In a 4-3 majority opinion authored by Justice Judith Ann Lanzinger, the Court also held that under a former Ohio rule of criminal procedure, a trial court hearing a capital case was barred from replacing a juror with an alternate after the jury had begun its deliberations. Based on those rulings, the Court vacated the 2006 murder conviction of David Clinkscale of Columbus and remanded his case for a new trial.

Clinkscale was originally  tried and convicted in 1998 for the aggravated murder of Kenneth Coleman and the attempted murder of Todne Williams during a robbery. The charges against Clinkscale included death penalty specifications, however the jury recommended and the court imposed a sentence of life imprisonment without the possibility of parole. In 2004, the U.S. Sixth Circuit Court of Appeals vacated Clinkscale’s conviction and ordered that he receive a new trial based on a finding that he had received ineffective representation by his trial attorneys. 
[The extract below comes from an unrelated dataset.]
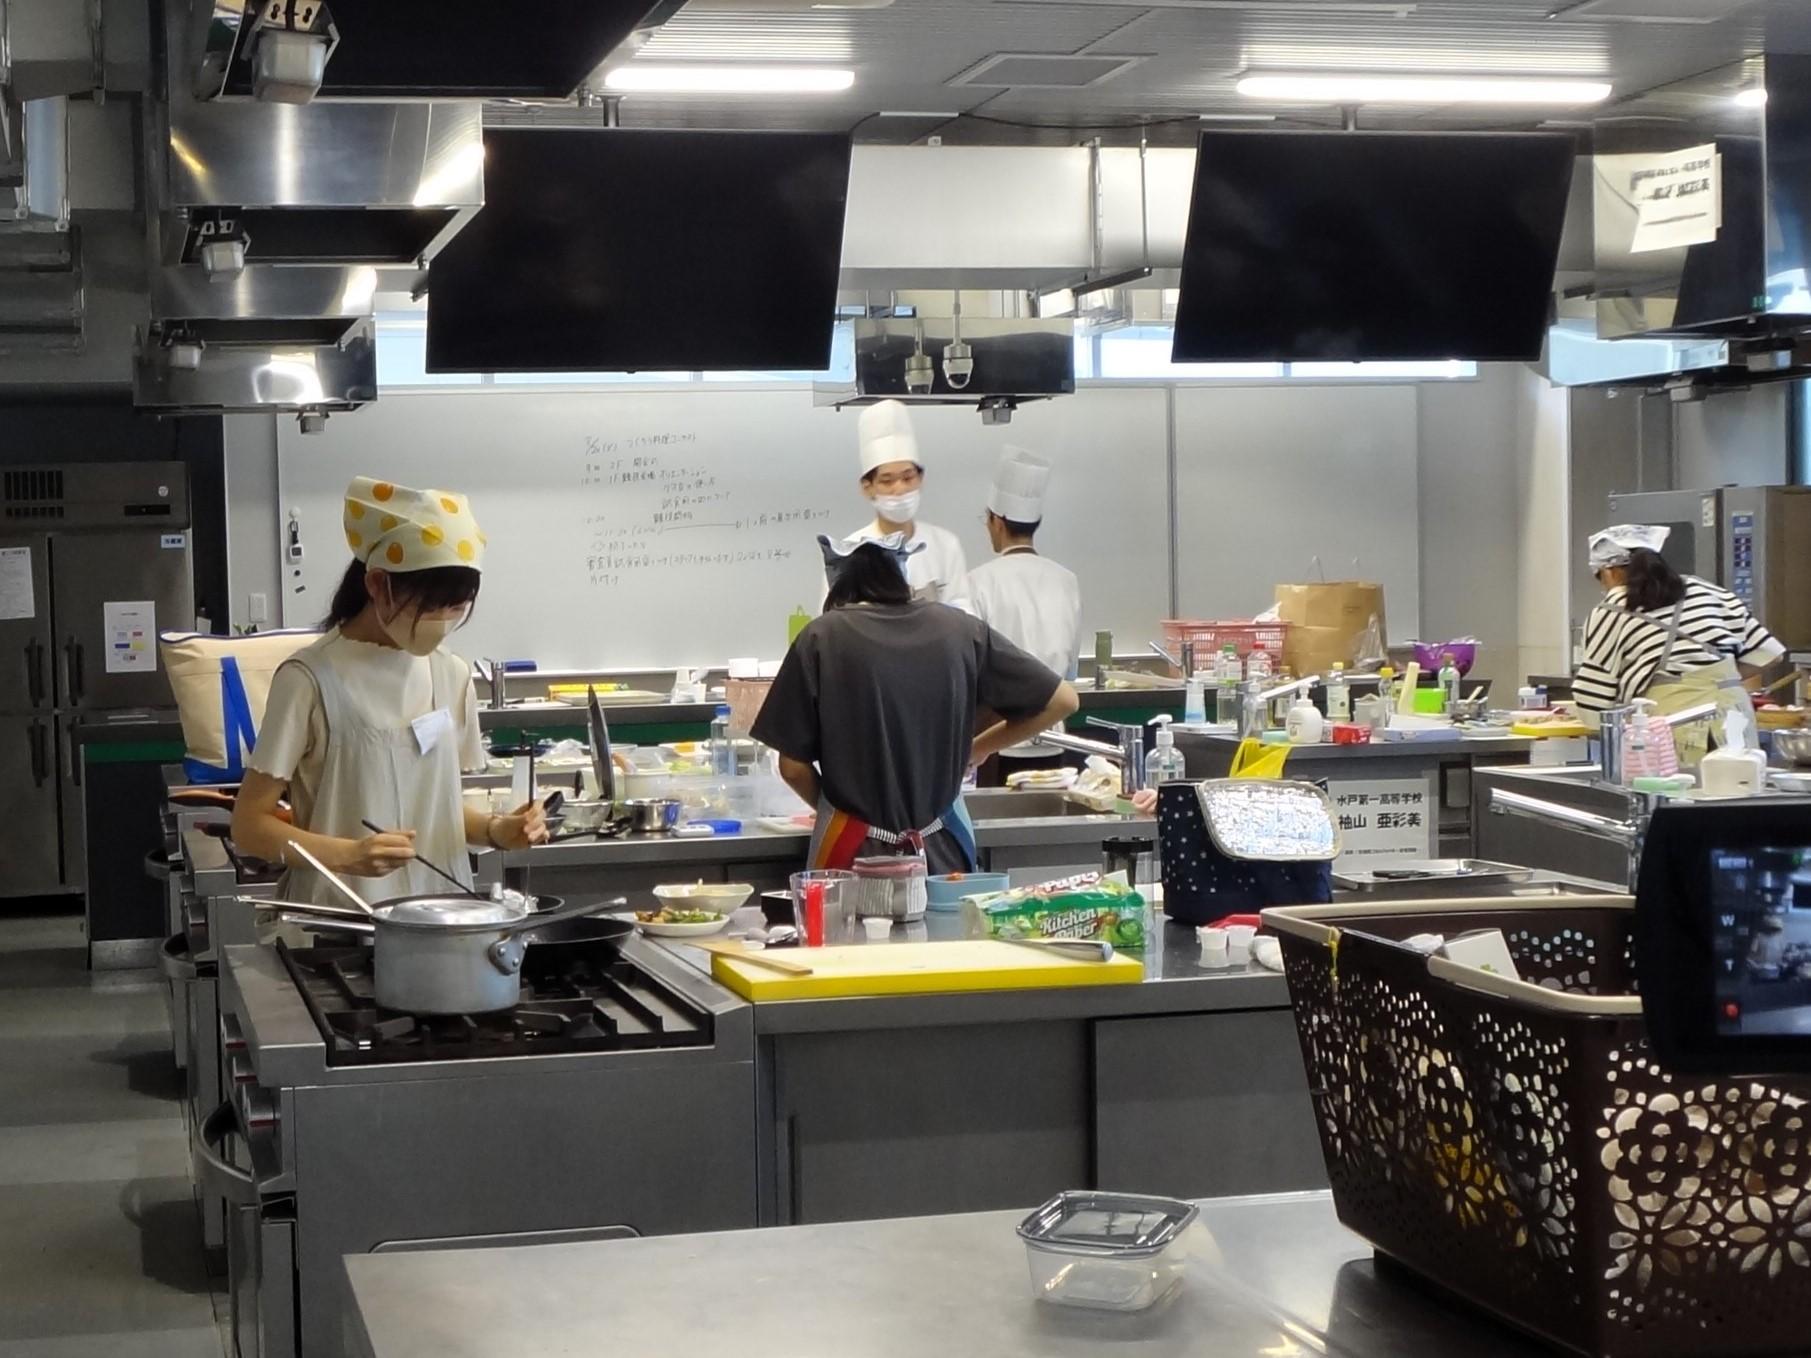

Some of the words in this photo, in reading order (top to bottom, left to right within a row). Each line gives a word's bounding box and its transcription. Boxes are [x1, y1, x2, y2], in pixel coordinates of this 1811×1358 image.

[1337, 792, 1423, 807] 水戸第一高等学校
[1040, 908, 1097, 935] Kitchen
[1721, 914, 1735, 927] W
A second trial was conducted in the Franklin County Court of Common Pleas in September 2006. At the conclusion of arguments on the afternoon of Friday, Sept. 8, the jury retired to deliberate. Later that afternoon the foreman sent a note to the judge stating that one juror “was not comfortable returning a guilty verdict based on the testimony of a single witness,” that the juror did not believe “a guilty verdict could ever be returned without more evidence,” and that it seemed unlikely that additional time or discussion would resolve the situation. The note asked the court for guidance. Without responding to the inquiry, the judge excused  the jurors for the weekend and told them they would receive additional instructions on Monday.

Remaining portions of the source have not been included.